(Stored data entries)
═══

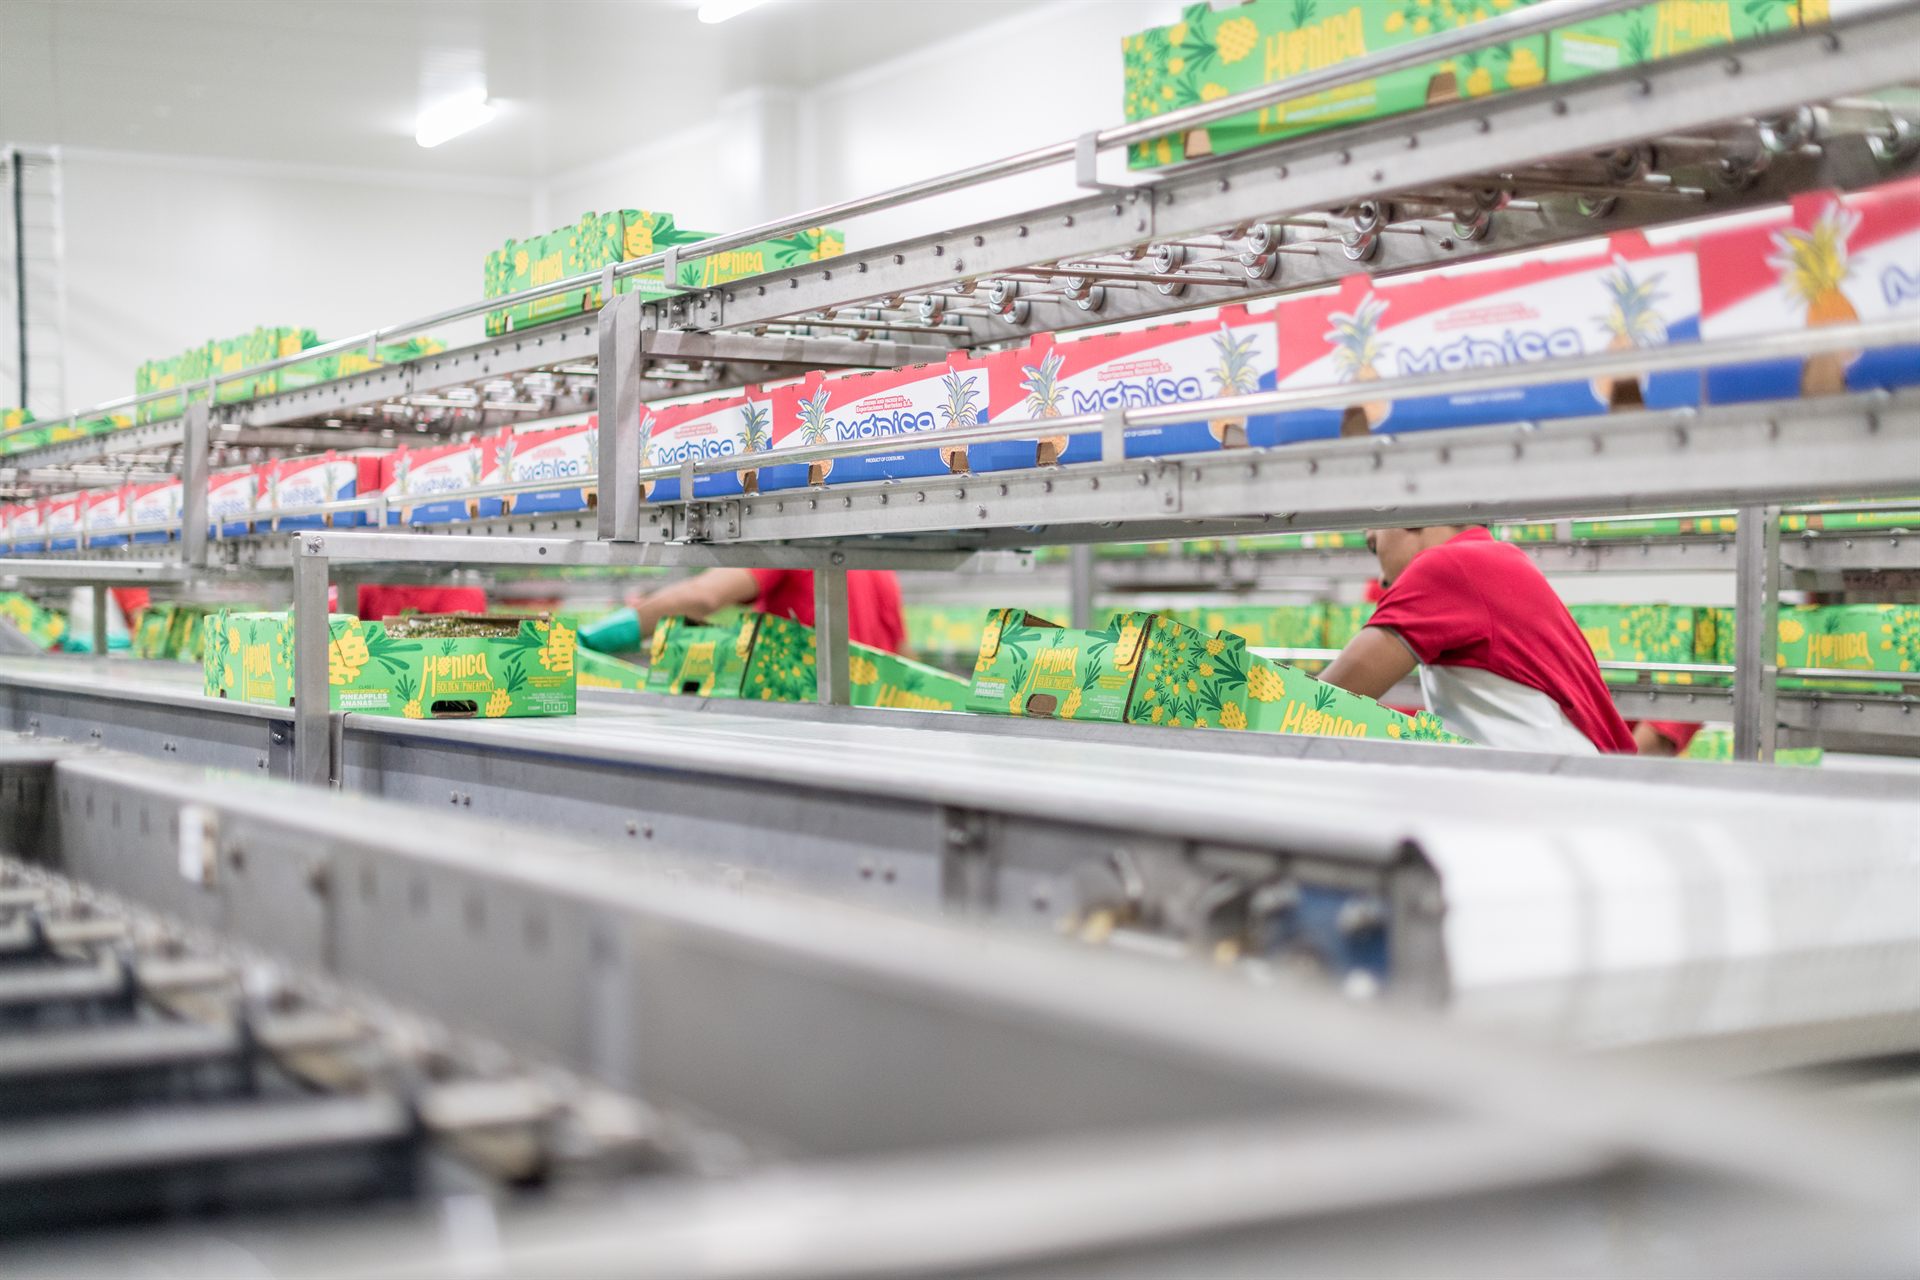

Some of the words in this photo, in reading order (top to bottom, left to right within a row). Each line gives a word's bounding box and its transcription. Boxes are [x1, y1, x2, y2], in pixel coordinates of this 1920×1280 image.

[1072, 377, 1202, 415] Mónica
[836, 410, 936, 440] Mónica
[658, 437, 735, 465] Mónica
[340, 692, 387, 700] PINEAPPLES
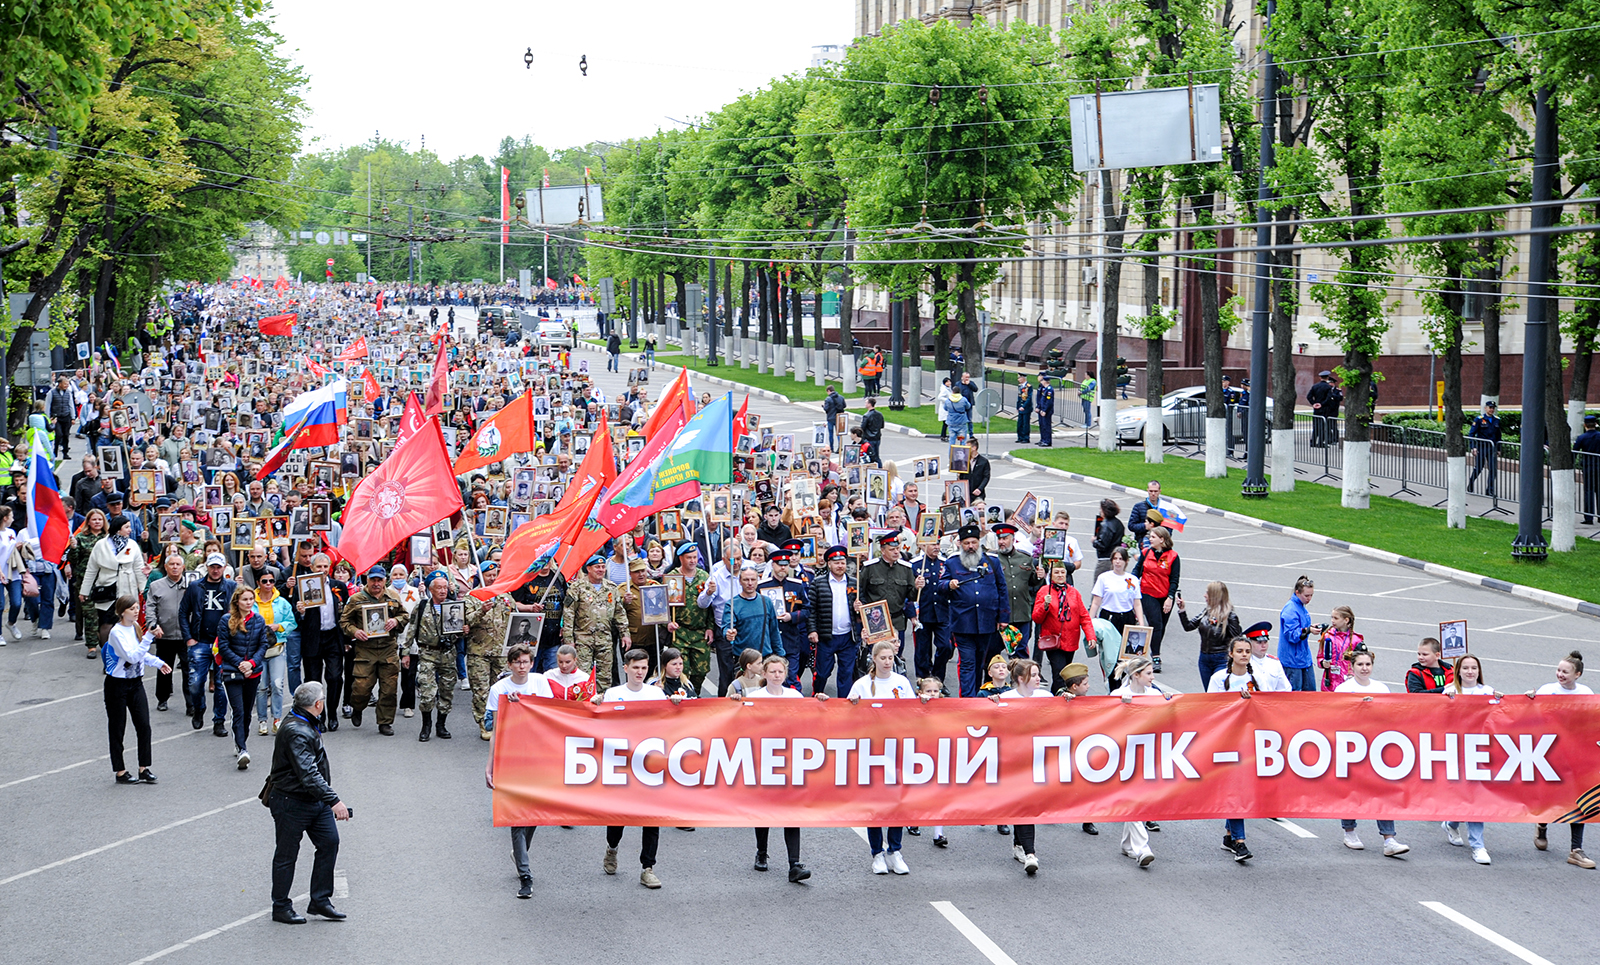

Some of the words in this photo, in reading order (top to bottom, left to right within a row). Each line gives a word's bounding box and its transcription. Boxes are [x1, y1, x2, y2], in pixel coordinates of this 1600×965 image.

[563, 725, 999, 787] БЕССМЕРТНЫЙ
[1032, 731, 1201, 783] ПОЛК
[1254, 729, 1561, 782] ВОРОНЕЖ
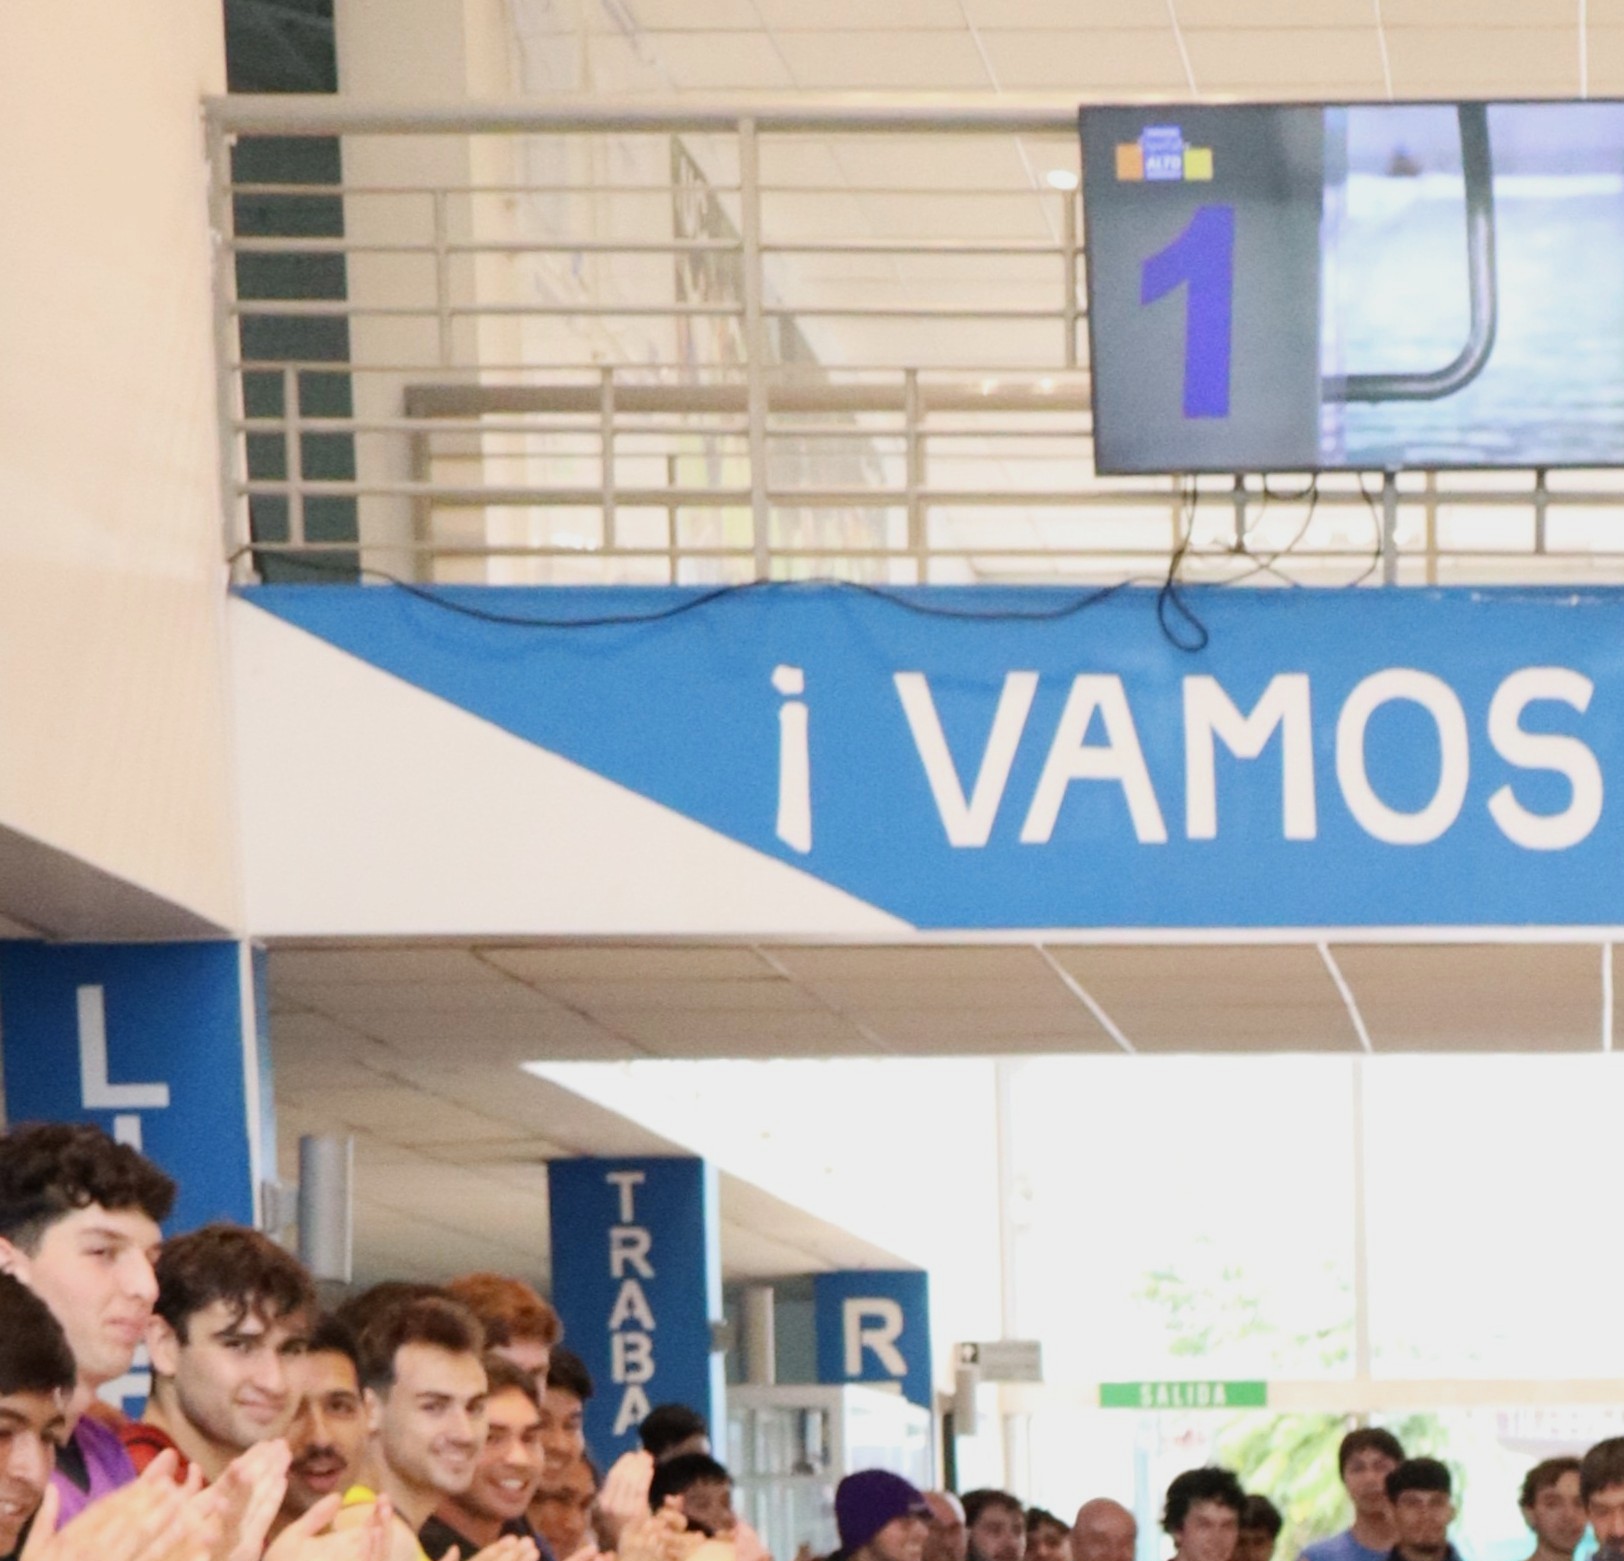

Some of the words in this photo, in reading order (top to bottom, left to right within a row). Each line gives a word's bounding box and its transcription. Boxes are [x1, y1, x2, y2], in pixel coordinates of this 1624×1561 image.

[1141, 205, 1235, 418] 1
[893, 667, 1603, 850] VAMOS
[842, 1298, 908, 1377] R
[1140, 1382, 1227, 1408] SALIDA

═══

In the records above, locate the line containing "this 1600×965 image.", then copy exactly that line and every line after it through the end, omitting pictures.

- RESPONSE:
Some of the words in this photo, in reading order (top to bottom, left to right within a row). Each line gives a word's bounding box and its transcription. Boxes are [x1, y1, x2, y2], in pixel coordinates of this 1600×965 image.

[563, 725, 999, 787] БЕССМЕРТНЫЙ
[1032, 731, 1201, 783] ПОЛК
[1254, 729, 1561, 782] ВОРОНЕЖ

Some of the words in this photo, in reading order (top to bottom, left to right within a row). Each line gives a word's bounding box and its transcription. Boxes are [x1, y1, x2, y2], in pixel coordinates of this 1624×1561 image.

[1141, 205, 1235, 418] 1
[893, 667, 1603, 850] VAMOS
[842, 1298, 908, 1377] R
[1140, 1382, 1227, 1408] SALIDA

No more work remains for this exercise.